-- Opening Marker --
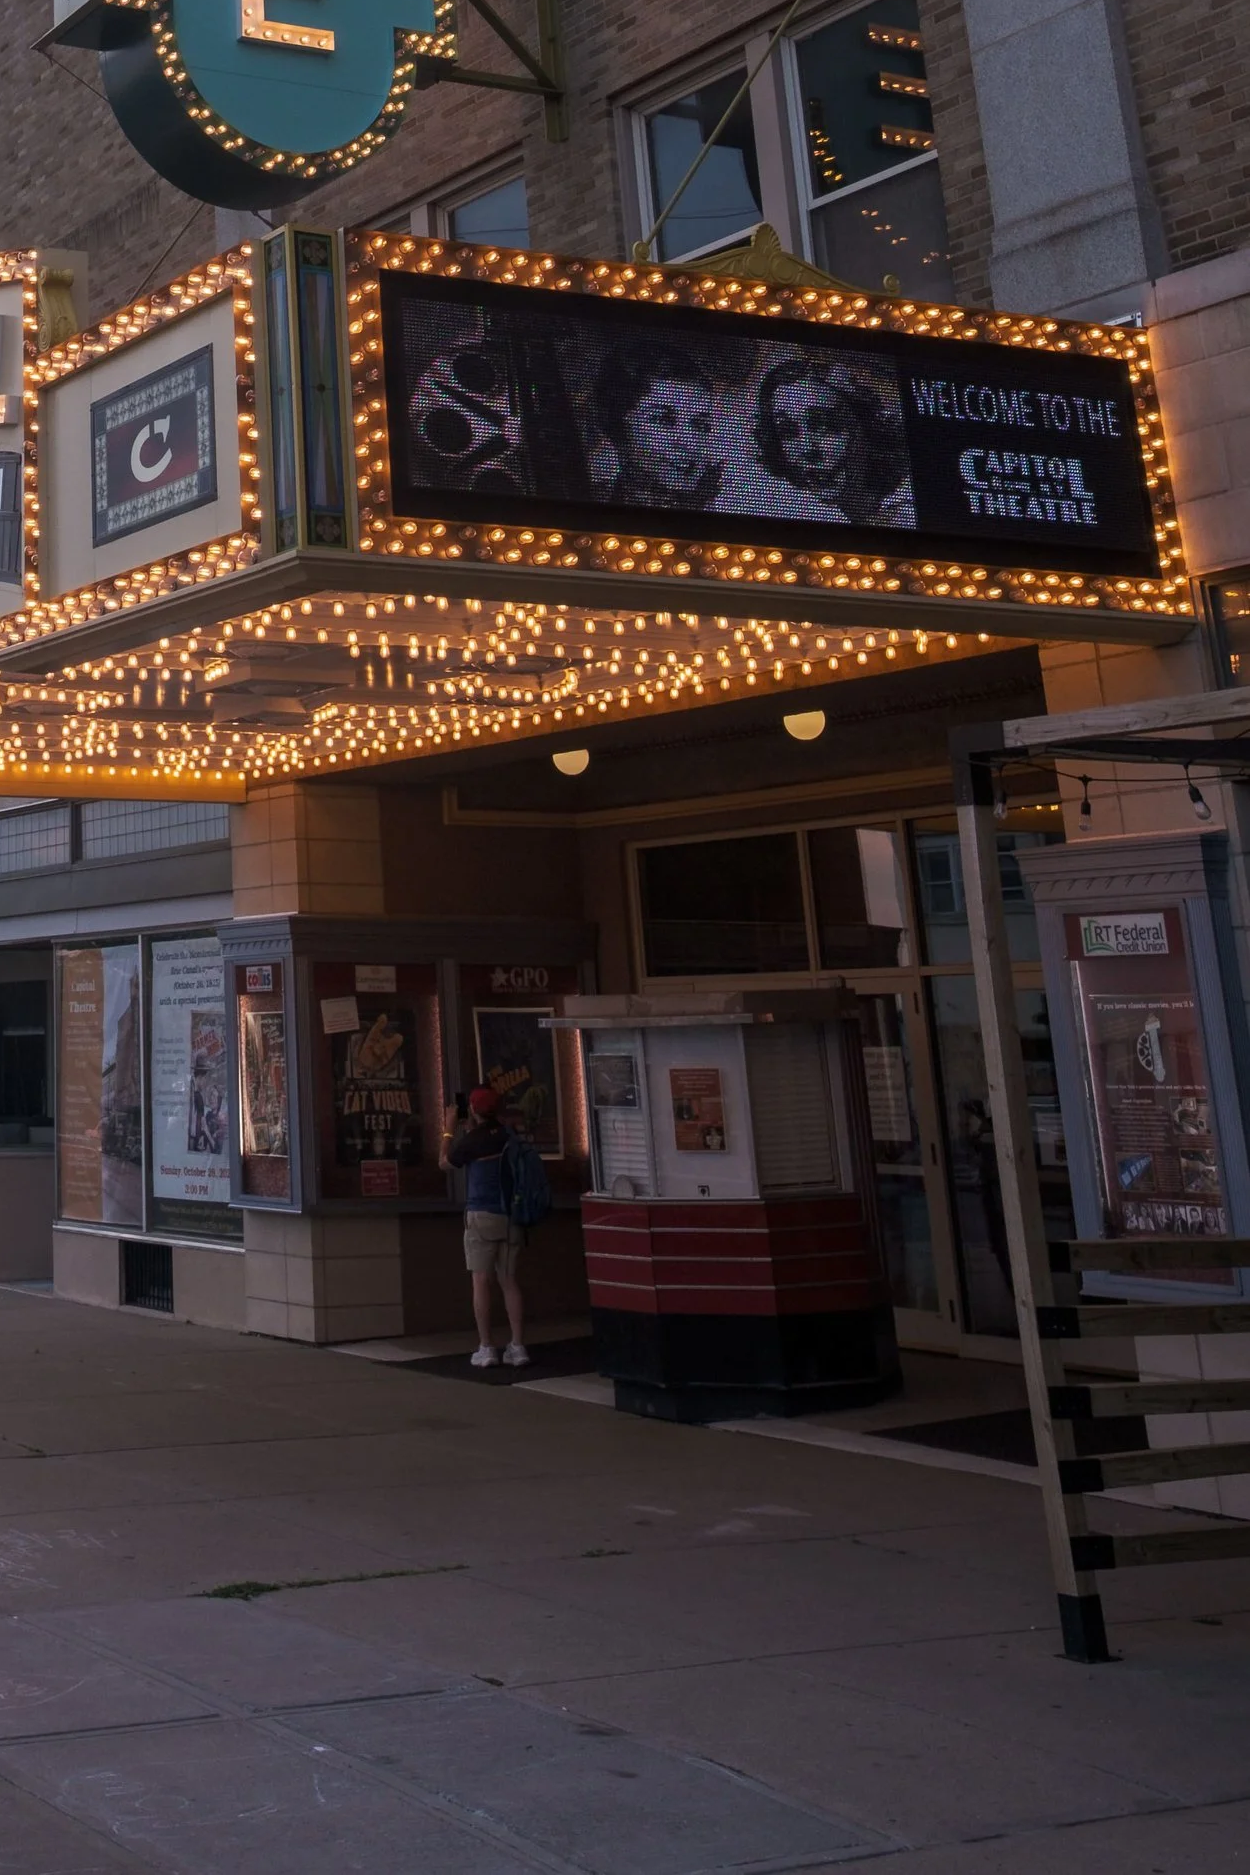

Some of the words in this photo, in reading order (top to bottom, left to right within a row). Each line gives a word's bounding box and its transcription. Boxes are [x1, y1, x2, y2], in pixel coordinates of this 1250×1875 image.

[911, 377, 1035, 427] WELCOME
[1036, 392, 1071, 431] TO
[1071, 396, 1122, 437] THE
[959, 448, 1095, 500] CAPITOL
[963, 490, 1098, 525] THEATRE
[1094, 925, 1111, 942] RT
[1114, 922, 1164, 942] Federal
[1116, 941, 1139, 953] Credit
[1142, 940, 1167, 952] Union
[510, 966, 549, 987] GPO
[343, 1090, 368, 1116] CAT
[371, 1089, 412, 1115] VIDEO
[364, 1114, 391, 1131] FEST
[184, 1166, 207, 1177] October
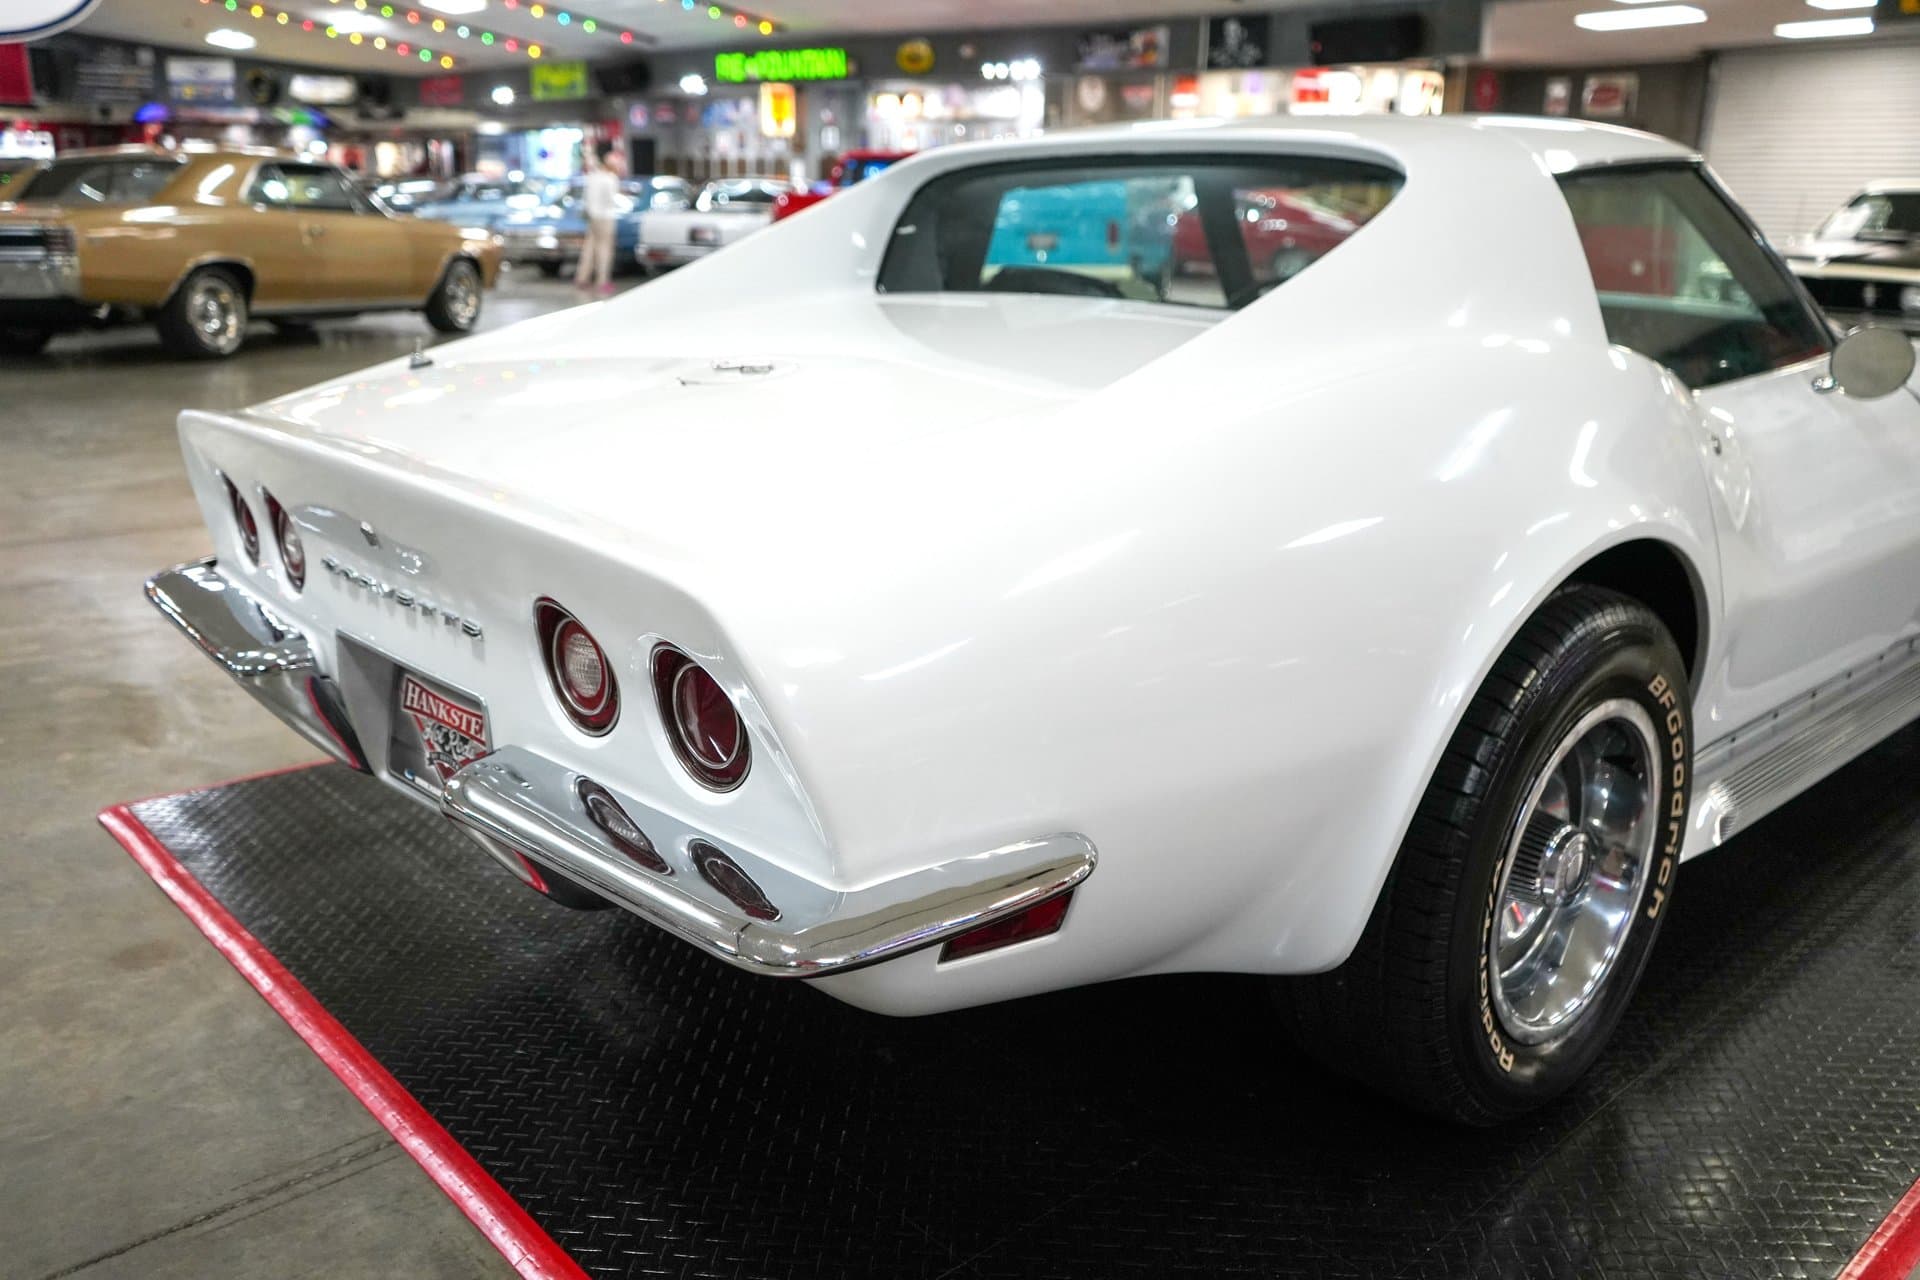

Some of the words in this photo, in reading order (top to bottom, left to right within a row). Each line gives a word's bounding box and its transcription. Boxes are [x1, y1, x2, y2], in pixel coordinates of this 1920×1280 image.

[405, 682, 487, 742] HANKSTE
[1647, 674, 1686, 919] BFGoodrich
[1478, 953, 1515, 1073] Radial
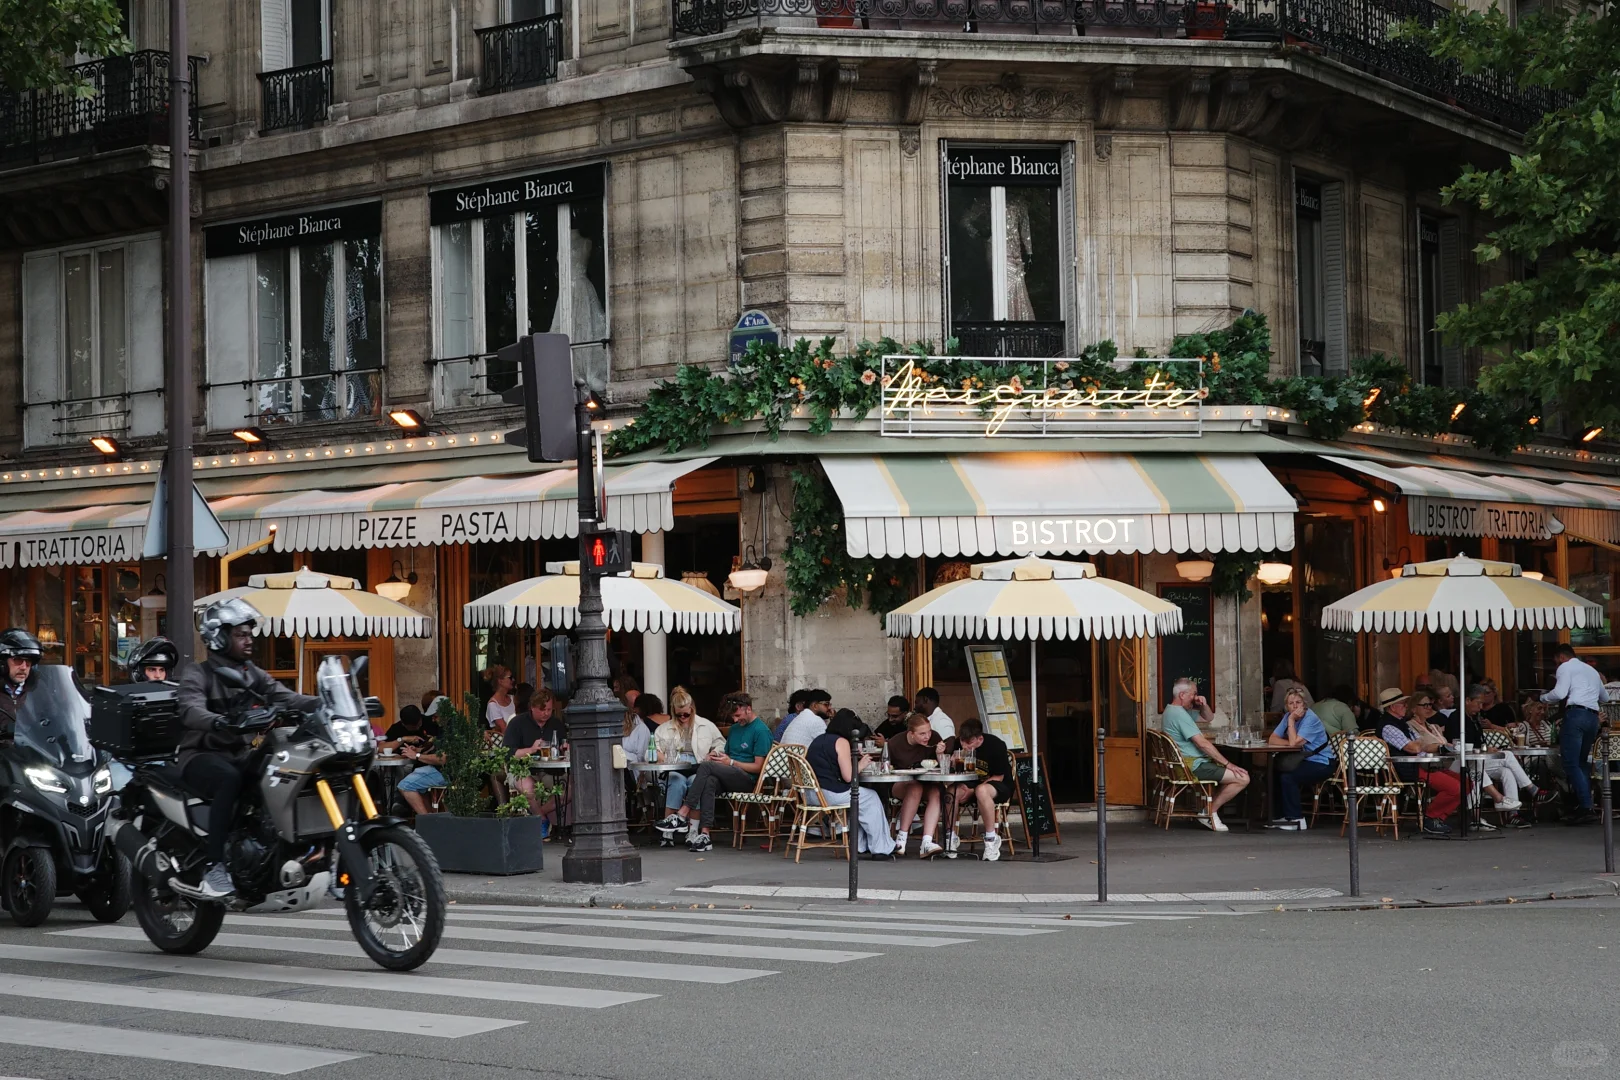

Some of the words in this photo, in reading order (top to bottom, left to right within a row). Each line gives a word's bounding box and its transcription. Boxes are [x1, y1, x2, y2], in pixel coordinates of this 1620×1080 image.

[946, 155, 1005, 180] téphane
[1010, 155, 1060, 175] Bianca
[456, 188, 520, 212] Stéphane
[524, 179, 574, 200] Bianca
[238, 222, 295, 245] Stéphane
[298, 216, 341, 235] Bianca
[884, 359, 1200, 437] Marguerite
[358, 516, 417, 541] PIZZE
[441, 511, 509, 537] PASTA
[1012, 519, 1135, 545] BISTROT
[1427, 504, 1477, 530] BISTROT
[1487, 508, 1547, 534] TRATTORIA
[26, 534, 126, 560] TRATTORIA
-- Closing Marker --
An exact copy of every line above, minus the pictures, is the required output.

Some of the words in this photo, in reading order (top to bottom, left to right within a row). Each line gives a word's bounding box and its transcription. Boxes are [x1, y1, x2, y2], in pixel coordinates of this 1250×1875 image.

[911, 377, 1035, 427] WELCOME
[1036, 392, 1071, 431] TO
[1071, 396, 1122, 437] THE
[959, 448, 1095, 500] CAPITOL
[963, 490, 1098, 525] THEATRE
[1094, 925, 1111, 942] RT
[1114, 922, 1164, 942] Federal
[1116, 941, 1139, 953] Credit
[1142, 940, 1167, 952] Union
[510, 966, 549, 987] GPO
[343, 1090, 368, 1116] CAT
[371, 1089, 412, 1115] VIDEO
[364, 1114, 391, 1131] FEST
[184, 1166, 207, 1177] October

Some of the words in this photo, in reading order (top to bottom, left to right within a row). Each line gives a word's bounding box and its transcription. Boxes are [x1, y1, x2, y2], in pixel coordinates of this 1920×1280 image.

[405, 682, 487, 742] HANKSTE
[1647, 674, 1686, 919] BFGoodrich
[1478, 953, 1515, 1073] Radial

Some of the words in this photo, in reading order (top to bottom, left to right within a row). Each line gives a word's bounding box and its transcription. Boxes are [x1, y1, x2, y2], in pixel coordinates of this 1620×1080 image.

[946, 155, 1005, 180] téphane
[1010, 155, 1060, 175] Bianca
[456, 188, 520, 212] Stéphane
[524, 179, 574, 200] Bianca
[238, 222, 295, 245] Stéphane
[298, 216, 341, 235] Bianca
[884, 359, 1200, 437] Marguerite
[358, 516, 417, 541] PIZZE
[441, 511, 509, 537] PASTA
[1012, 519, 1135, 545] BISTROT
[1427, 504, 1477, 530] BISTROT
[1487, 508, 1547, 534] TRATTORIA
[26, 534, 126, 560] TRATTORIA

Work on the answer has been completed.